_What you should do:_
The copy you produce must repeat each record exactly and contain no pictures.

_Task input:_
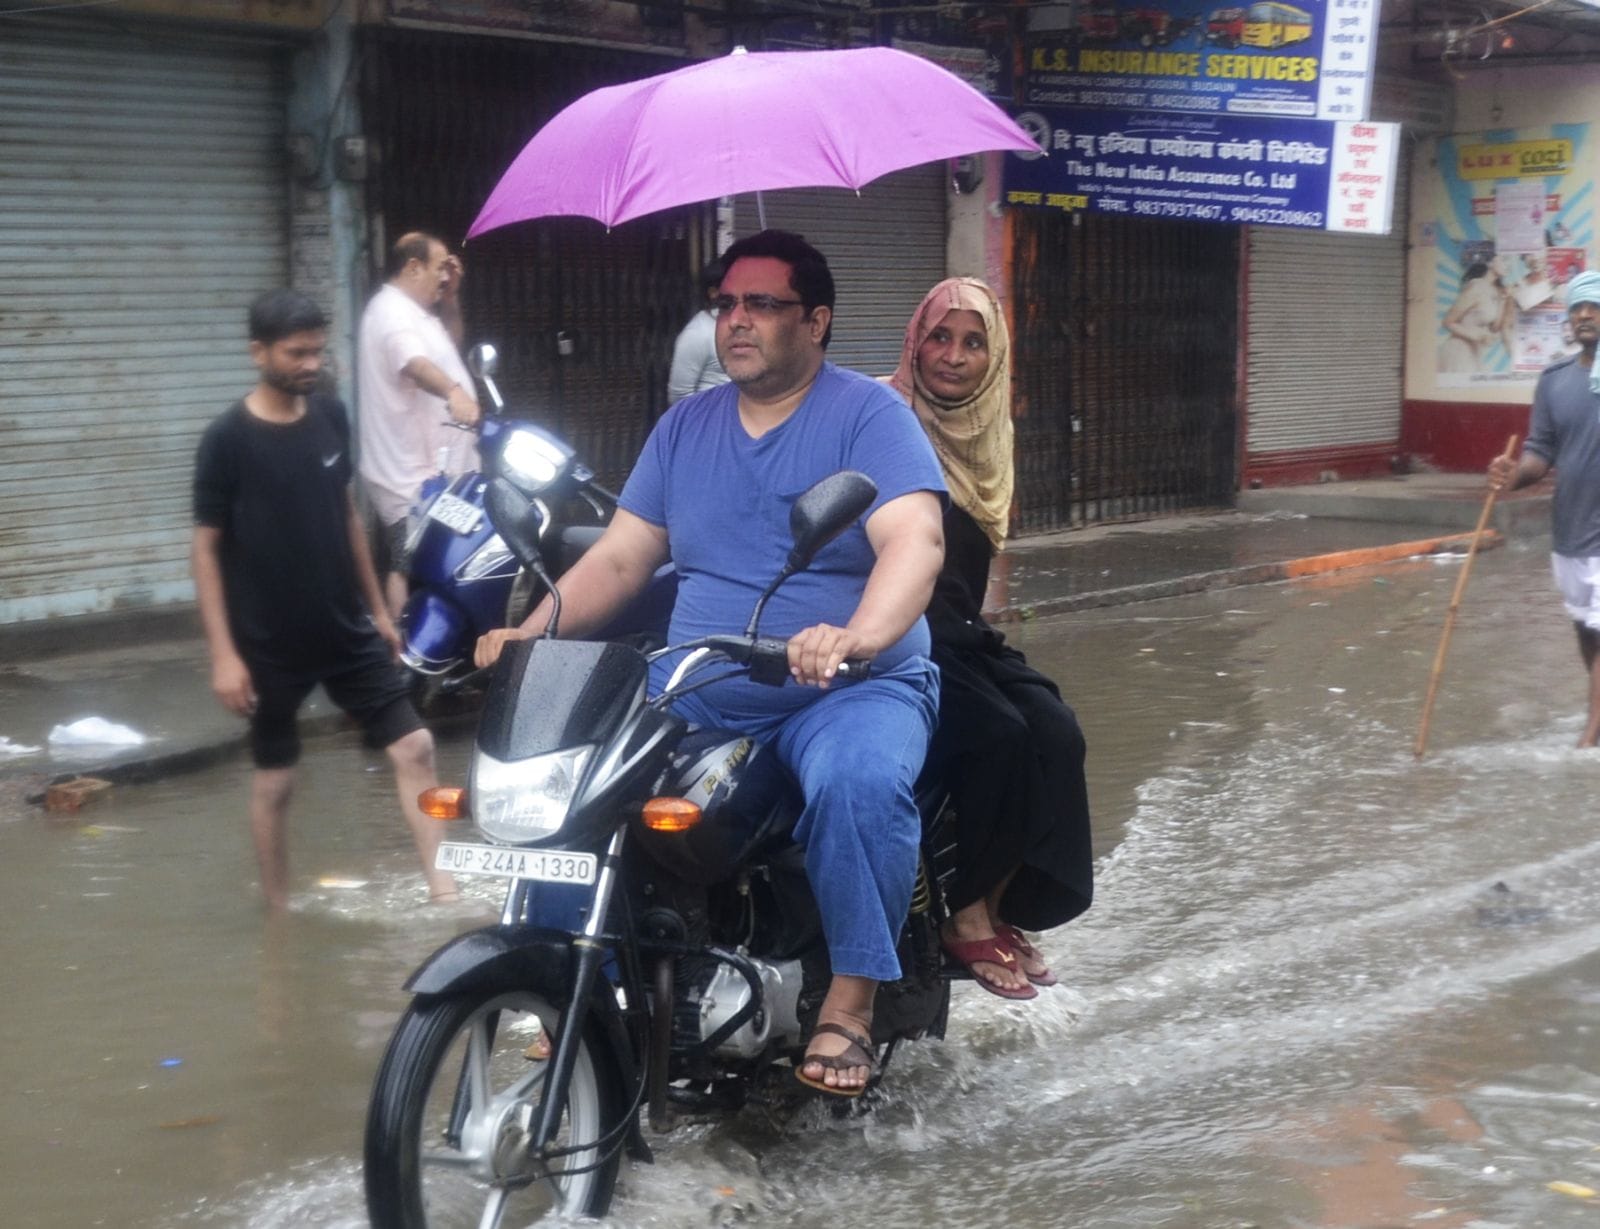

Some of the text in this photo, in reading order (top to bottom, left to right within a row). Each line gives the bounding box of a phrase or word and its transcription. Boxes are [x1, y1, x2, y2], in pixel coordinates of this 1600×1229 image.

[1079, 49, 1200, 76] INSURANCE
[1206, 54, 1318, 81] SERVICES
[1066, 160, 1297, 189] The New India Assurance Co. Ltd
[1133, 200, 1227, 221] 9837937467,
[1230, 207, 1323, 226] 9045220862
[453, 848, 589, 879] UP 24AA 1330

_Solution for this problem:_
Some of the text in this photo, in reading order (top to bottom, left to right within a row). Each line gives the bounding box of a phrase or word and its transcription. Boxes are [x1, y1, x2, y2], in pixel coordinates of this 1600×1229 image.

[1079, 49, 1200, 76] INSURANCE
[1206, 54, 1318, 81] SERVICES
[1066, 160, 1297, 189] The New India Assurance Co. Ltd
[1133, 200, 1227, 221] 9837937467,
[1230, 207, 1323, 226] 9045220862
[453, 848, 589, 879] UP 24AA 1330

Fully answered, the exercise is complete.